- What you are asked to do: Would you write out the listing verbatim and skip every picture in it?

- Record extracts:
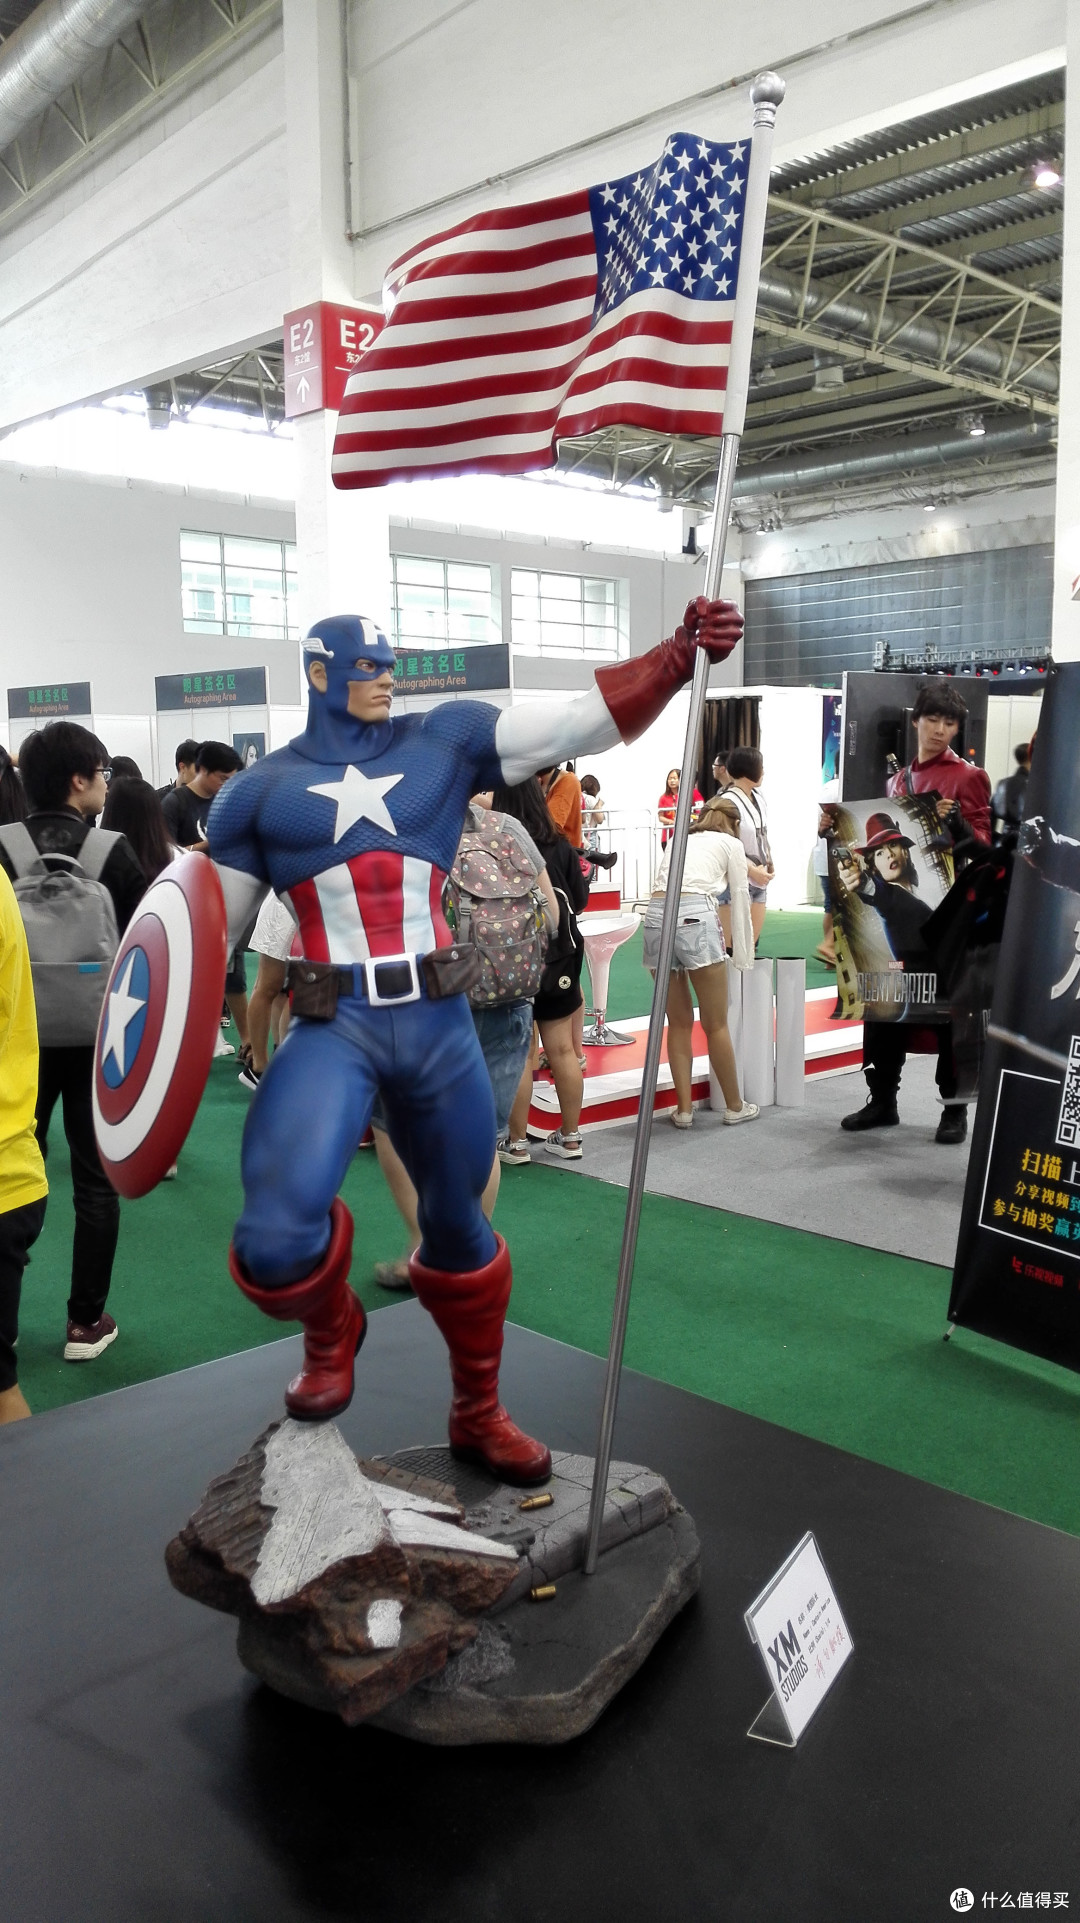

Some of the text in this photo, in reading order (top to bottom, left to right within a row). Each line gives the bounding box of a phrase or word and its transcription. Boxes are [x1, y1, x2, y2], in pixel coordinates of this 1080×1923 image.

[290, 318, 314, 353] E2
[340, 318, 374, 351] E2
[345, 351, 363, 364] 东2
[183, 674, 236, 693] 明星签名区
[393, 675, 467, 691] Autographing Area
[184, 692, 237, 705] Autographing Area
[29, 703, 69, 714] Autographing Area
[888, 961, 904, 970] MARVEL
[857, 972, 937, 1004] AGENT CARTER
[767, 1619, 802, 1684] XM
[780, 1655, 809, 1703] STUDIOS
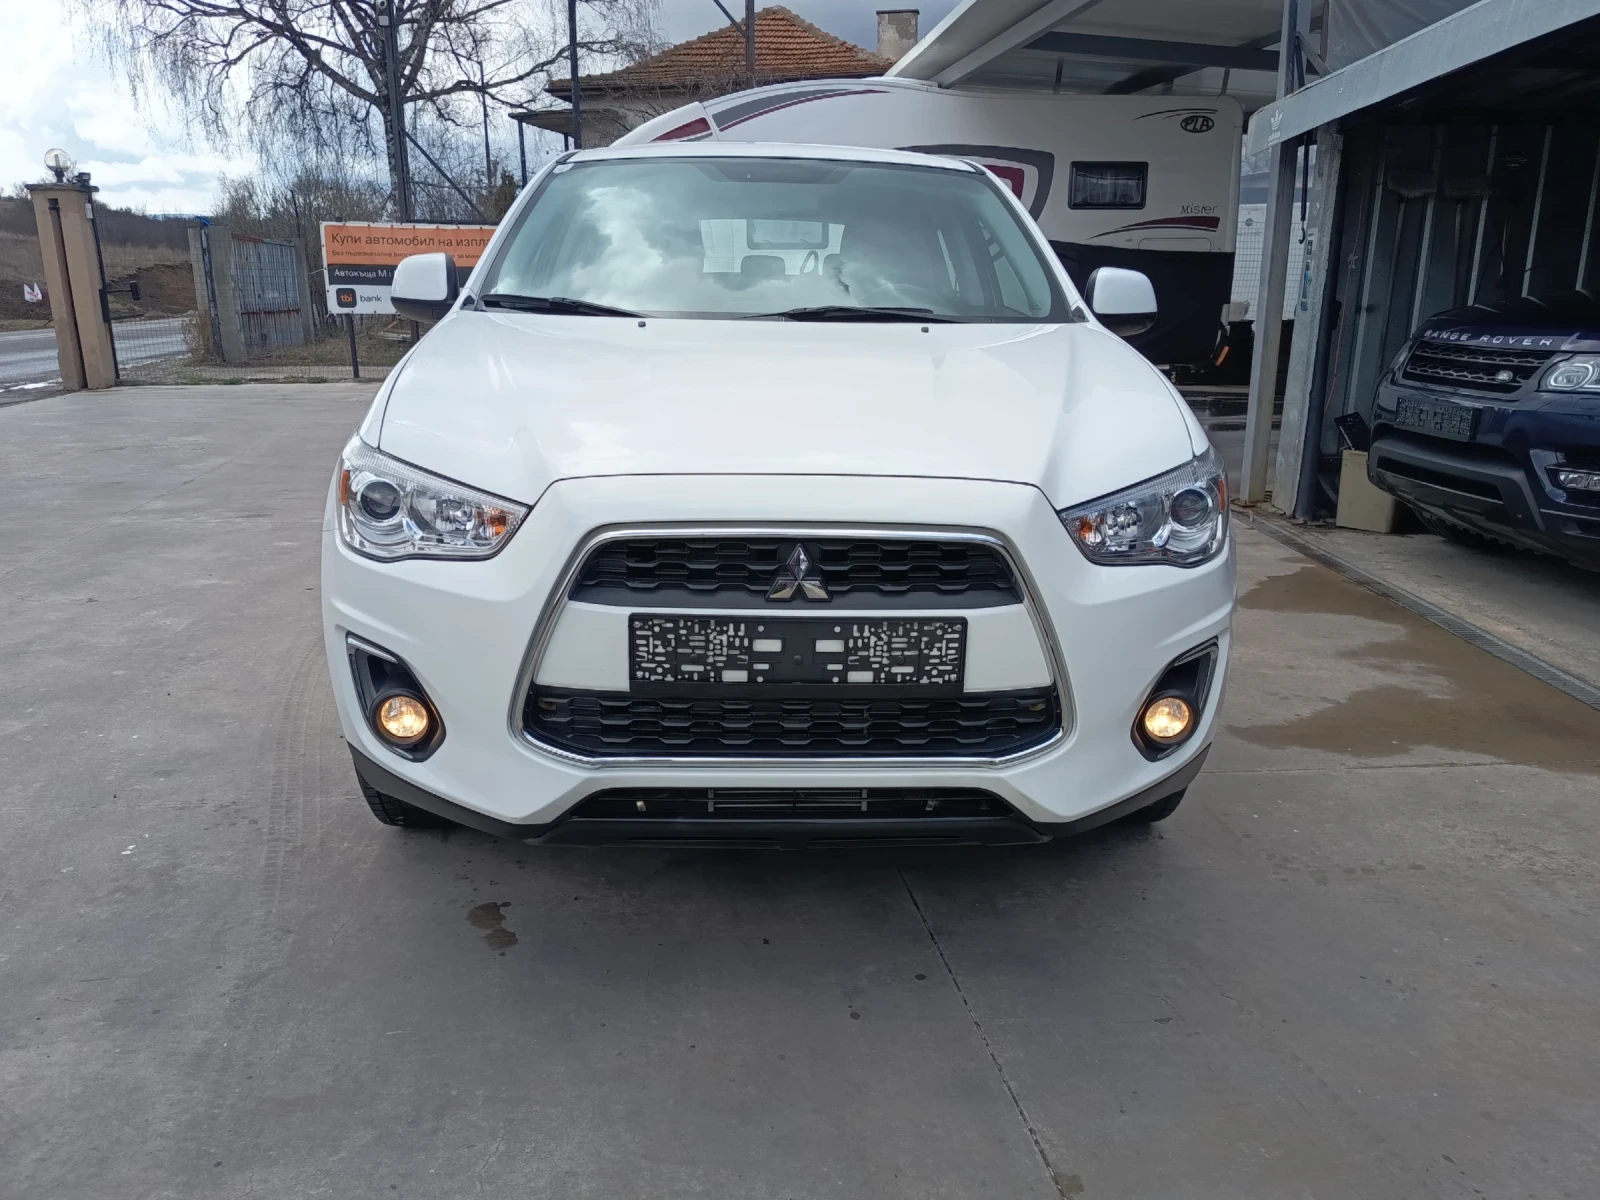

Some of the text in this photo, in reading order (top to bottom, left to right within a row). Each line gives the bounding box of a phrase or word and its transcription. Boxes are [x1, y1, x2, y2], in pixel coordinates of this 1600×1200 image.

[1183, 117, 1211, 131] PLA
[1268, 131, 1281, 142] adidas
[1181, 203, 1219, 214] Mister
[331, 232, 362, 246] Купи
[365, 235, 435, 247] автомобил
[438, 238, 453, 247] на
[334, 268, 377, 278] Автокъща
[340, 294, 382, 302] tbi bank
[1424, 329, 1553, 346] RANGE ROVER
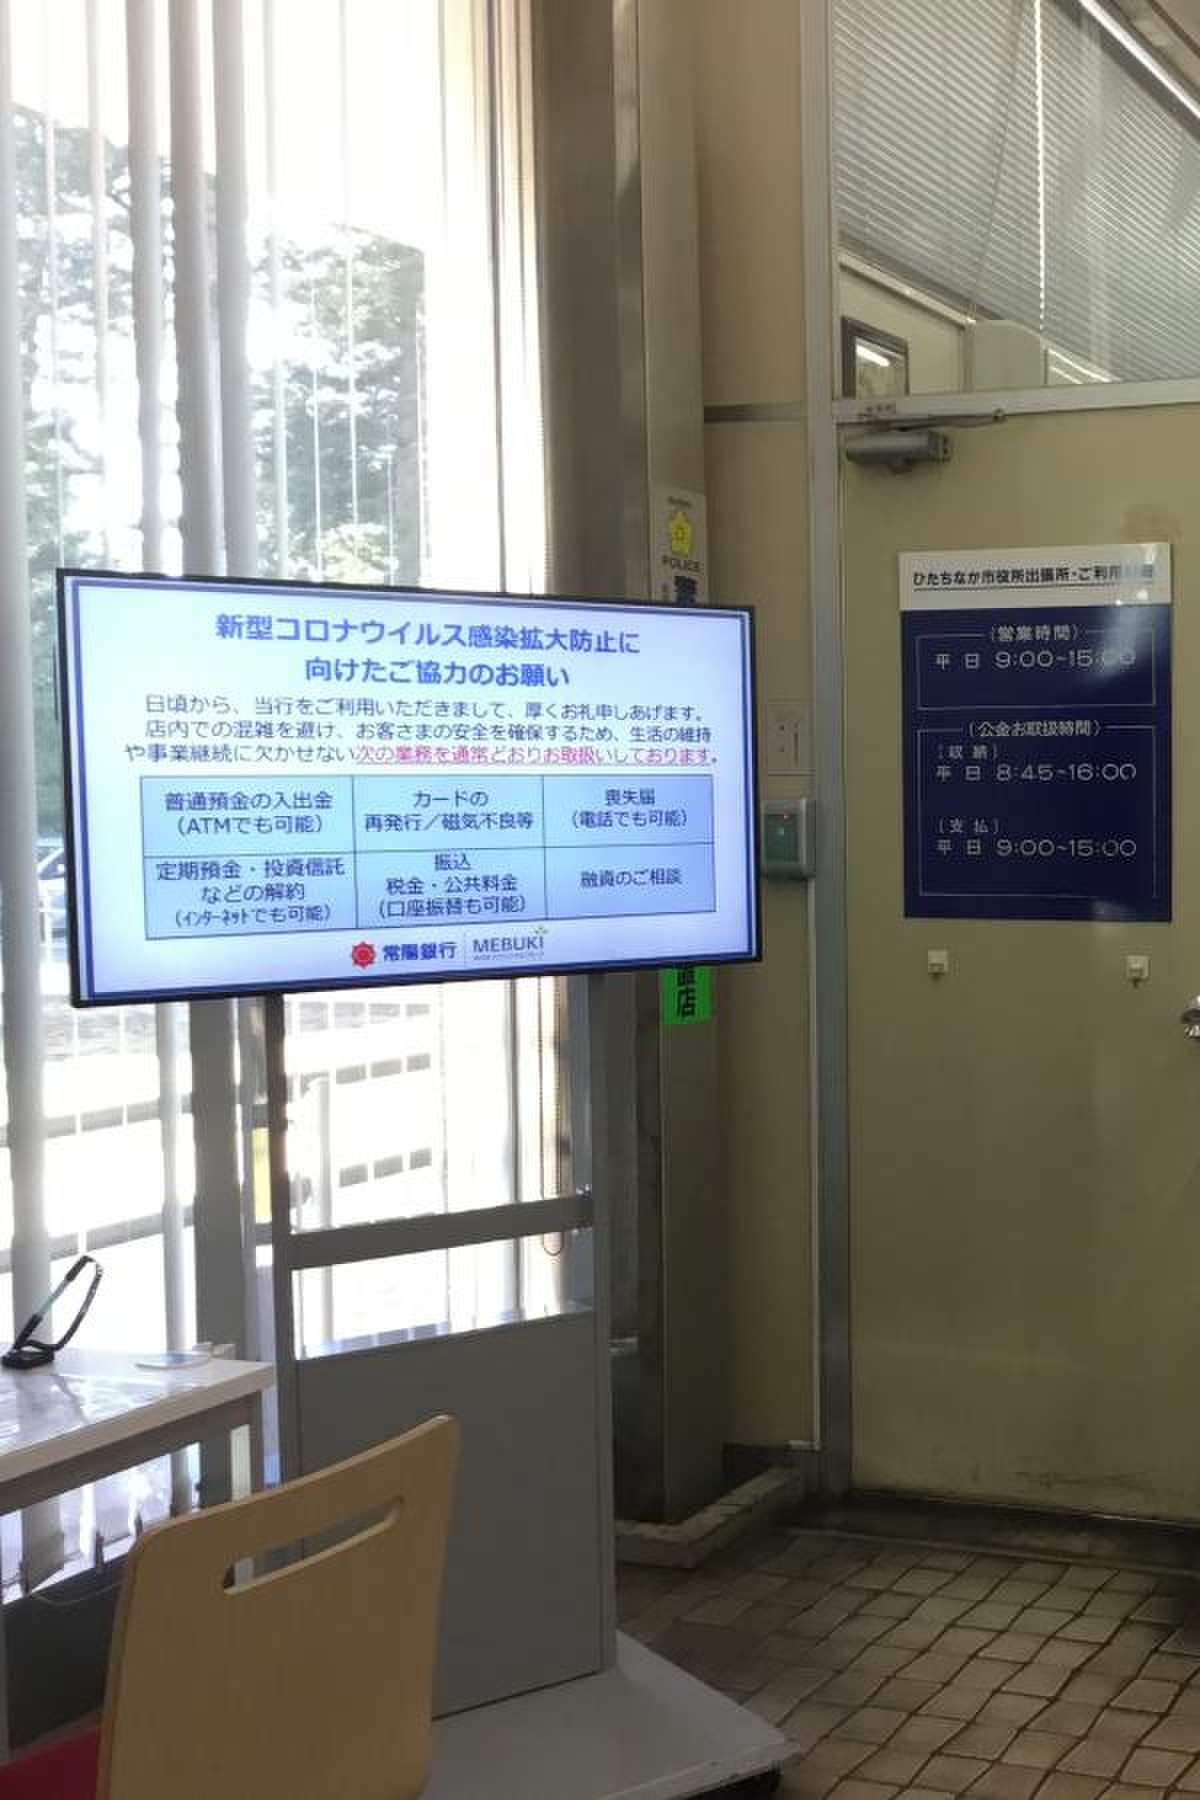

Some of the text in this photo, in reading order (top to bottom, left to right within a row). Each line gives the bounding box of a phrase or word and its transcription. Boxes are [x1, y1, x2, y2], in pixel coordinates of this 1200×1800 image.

[215, 613, 641, 653] 新型コロナウイルス感染拡大防止に
[305, 656, 570, 687] 向けたご協力のお願い
[164, 790, 333, 812] 普通預金の入出金
[412, 789, 489, 809] カードの
[156, 857, 346, 881] 定期預金・投資信託
[434, 853, 472, 872] 振込
[386, 873, 518, 896] 税金・公共料金
[580, 868, 683, 888] 融資のご相談
[201, 881, 306, 904] などの解約
[383, 942, 458, 962] 常陽銀行
[473, 935, 545, 954] MEBUKI
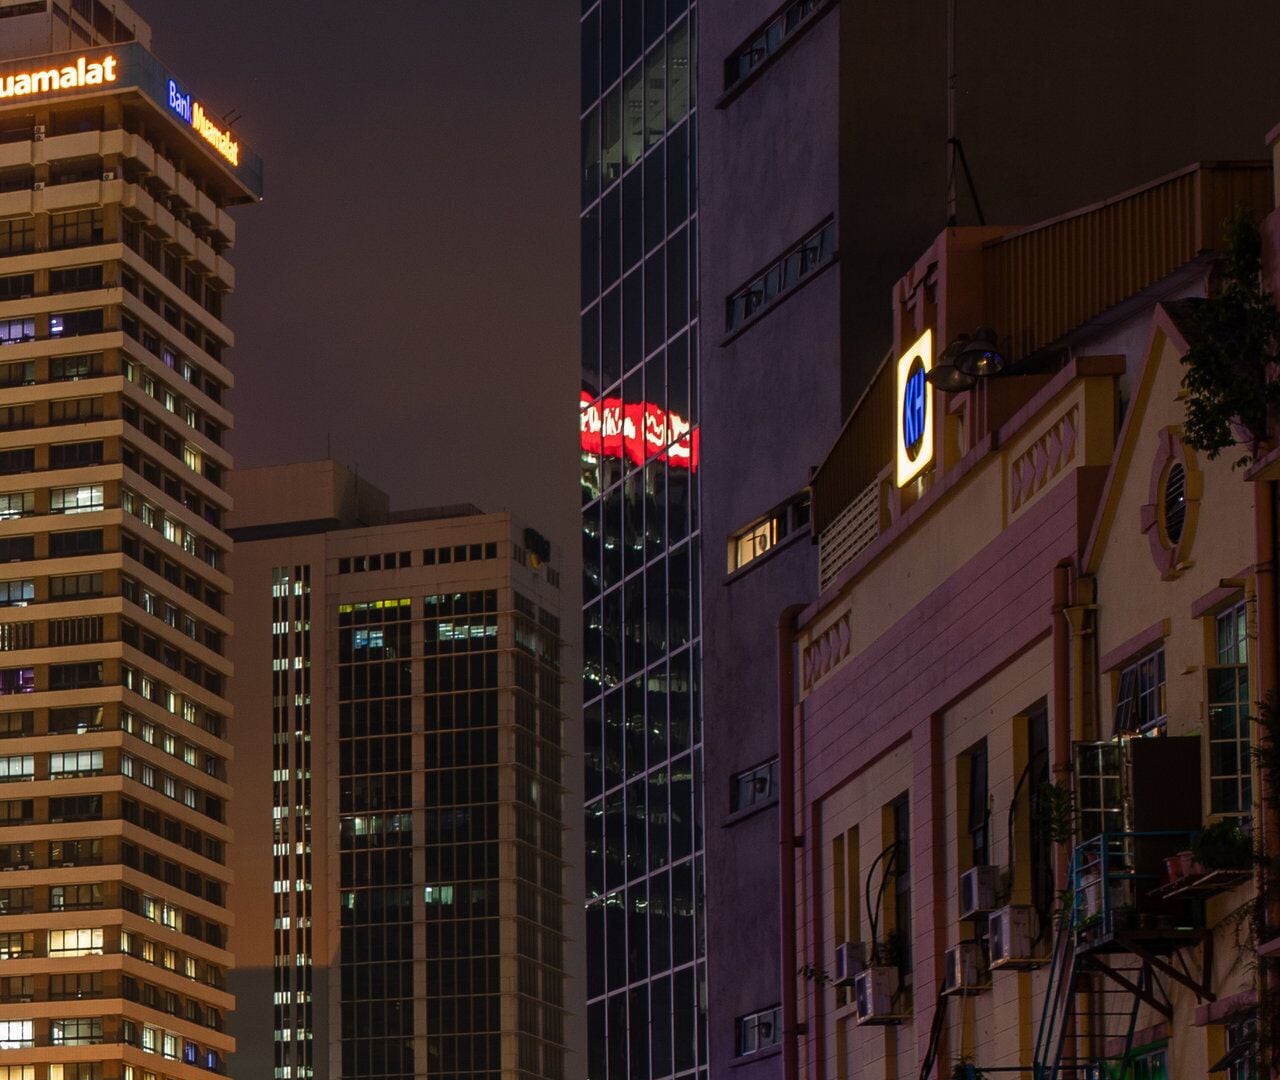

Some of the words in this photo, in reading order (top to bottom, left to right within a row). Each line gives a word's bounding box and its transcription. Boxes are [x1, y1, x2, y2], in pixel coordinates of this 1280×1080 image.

- Response below:
Some of the text in this photo, in reading order (top to bottom, left to right within a row). Each line gives the bounding box of a phrase or word and its transcription. Boxes are [x1, y1, x2, y2], in pixel coordinates of this 1080×1923 image.

[290, 318, 314, 353] E2
[340, 318, 374, 351] E2
[345, 351, 363, 364] 东2
[183, 674, 236, 693] 明星签名区
[393, 675, 467, 691] Autographing Area
[184, 692, 237, 705] Autographing Area
[29, 703, 69, 714] Autographing Area
[888, 961, 904, 970] MARVEL
[857, 972, 937, 1004] AGENT CARTER
[767, 1619, 802, 1684] XM
[780, 1655, 809, 1703] STUDIOS

Some of the text in this photo, in reading order (top to bottom, left to right within a row). Each line gives the bounding box of a phrase or word and its transcription. Boxes are [x1, y1, x2, y2], in pixel coordinates of this 1600×1200 image.

[1183, 117, 1211, 131] PLA
[1268, 131, 1281, 142] adidas
[1181, 203, 1219, 214] Mister
[331, 232, 362, 246] Купи
[365, 235, 435, 247] автомобил
[438, 238, 453, 247] на
[334, 268, 377, 278] Автокъща
[340, 294, 382, 302] tbi bank
[1424, 329, 1553, 346] RANGE ROVER

Some of the text in this photo, in reading order (top to bottom, left to right within a row). Each line gives the bounding box of a phrase or word and its transcription. Boxes are [x1, y1, x2, y2], in pixel coordinates of this 1200×1800 image.

[215, 613, 641, 653] 新型コロナウイルス感染拡大防止に
[305, 656, 570, 687] 向けたご協力のお願い
[164, 790, 333, 812] 普通預金の入出金
[412, 789, 489, 809] カードの
[156, 857, 346, 881] 定期預金・投資信託
[434, 853, 472, 872] 振込
[386, 873, 518, 896] 税金・公共料金
[580, 868, 683, 888] 融資のご相談
[201, 881, 306, 904] などの解約
[383, 942, 458, 962] 常陽銀行
[473, 935, 545, 954] MEBUKI

Some of the words in this photo, in reading order (top to bottom, left to right within a row). Each line gives a word's bounding box and its transcription. Boxes are [x1, y1, x2, y2], in pixel coordinates of this 1280×1080 image.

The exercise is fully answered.